DIRECTIONS: Quote the whole listing word for word. Do not include the pictures.

-------- THE RECORDS --------

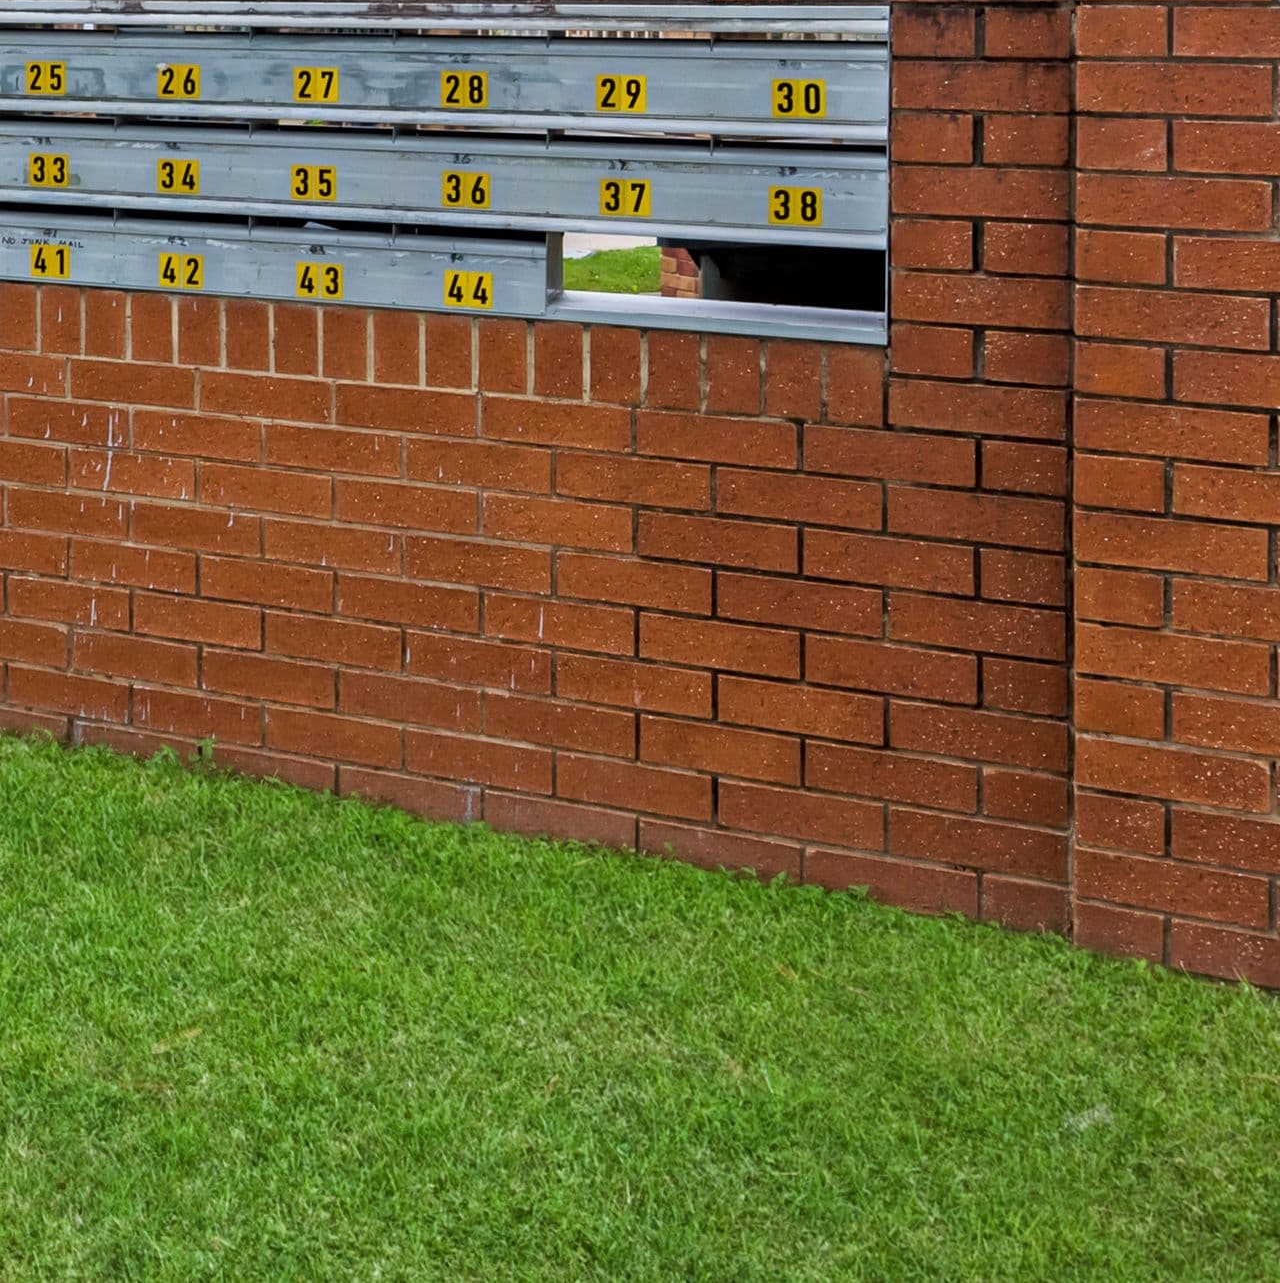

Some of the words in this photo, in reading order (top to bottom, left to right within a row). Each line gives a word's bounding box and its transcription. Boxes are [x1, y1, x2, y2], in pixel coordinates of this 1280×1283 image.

[29, 64, 62, 91] 25
[161, 67, 196, 95] 26
[298, 70, 334, 99] 27
[445, 74, 484, 104] 28
[600, 77, 641, 109] 29
[777, 82, 821, 115] 30
[33, 156, 65, 184] 33
[161, 161, 196, 191] 34
[295, 167, 332, 197] 35
[446, 173, 486, 205] 36
[604, 181, 646, 213] 37
[773, 189, 817, 222] 38
[34, 247, 65, 275] 41
[162, 256, 199, 285] 42
[299, 265, 339, 295] 43
[448, 274, 488, 305] 44
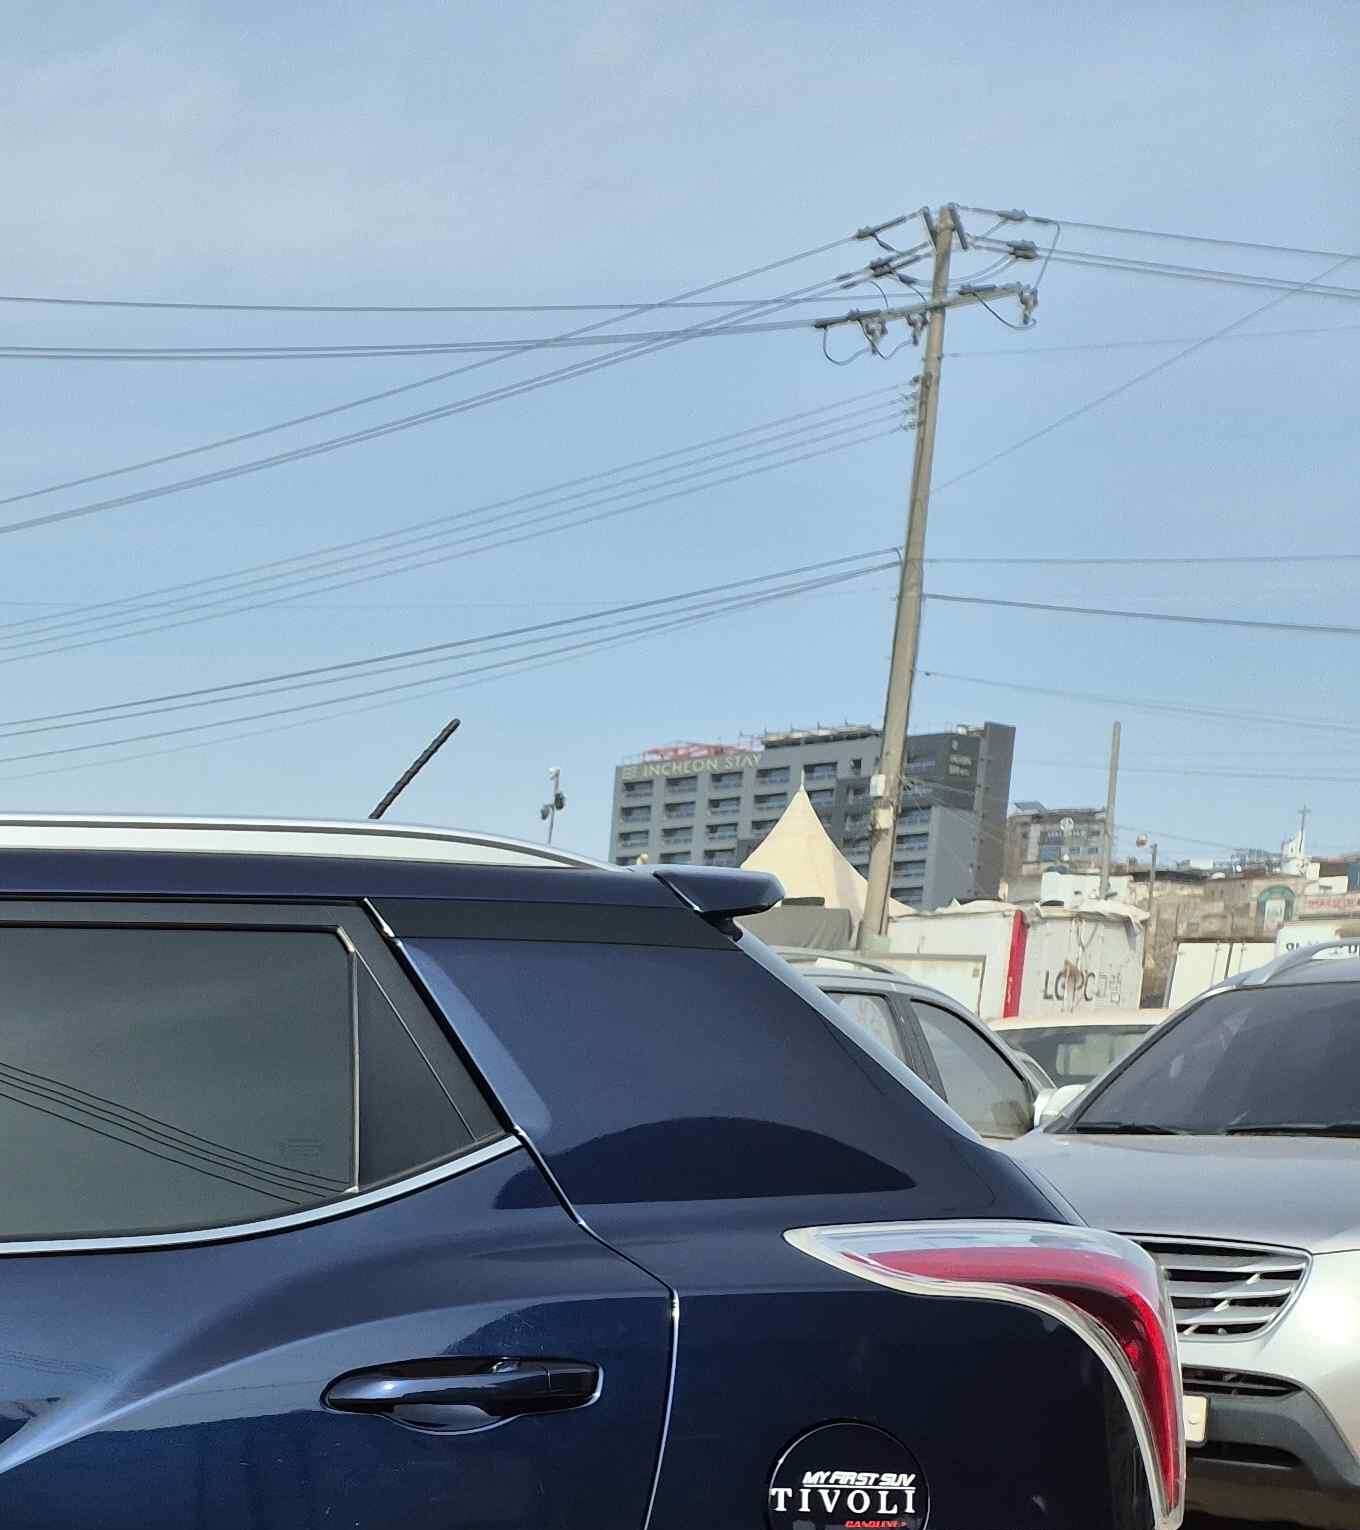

--------

EXERCISE SOLUTION:
Some of the words in this photo, in reading order (top to bottom, left to right within a row). Each line gives a word's bounding box and its transcription. Boxes are [x1, y1, x2, y2], in pixel coordinates of this 1280×1283 image.

[29, 64, 62, 91] 25
[161, 67, 196, 95] 26
[298, 70, 334, 99] 27
[445, 74, 484, 104] 28
[600, 77, 641, 109] 29
[777, 82, 821, 115] 30
[33, 156, 65, 184] 33
[161, 161, 196, 191] 34
[295, 167, 332, 197] 35
[446, 173, 486, 205] 36
[604, 181, 646, 213] 37
[773, 189, 817, 222] 38
[34, 247, 65, 275] 41
[162, 256, 199, 285] 42
[299, 265, 339, 295] 43
[448, 274, 488, 305] 44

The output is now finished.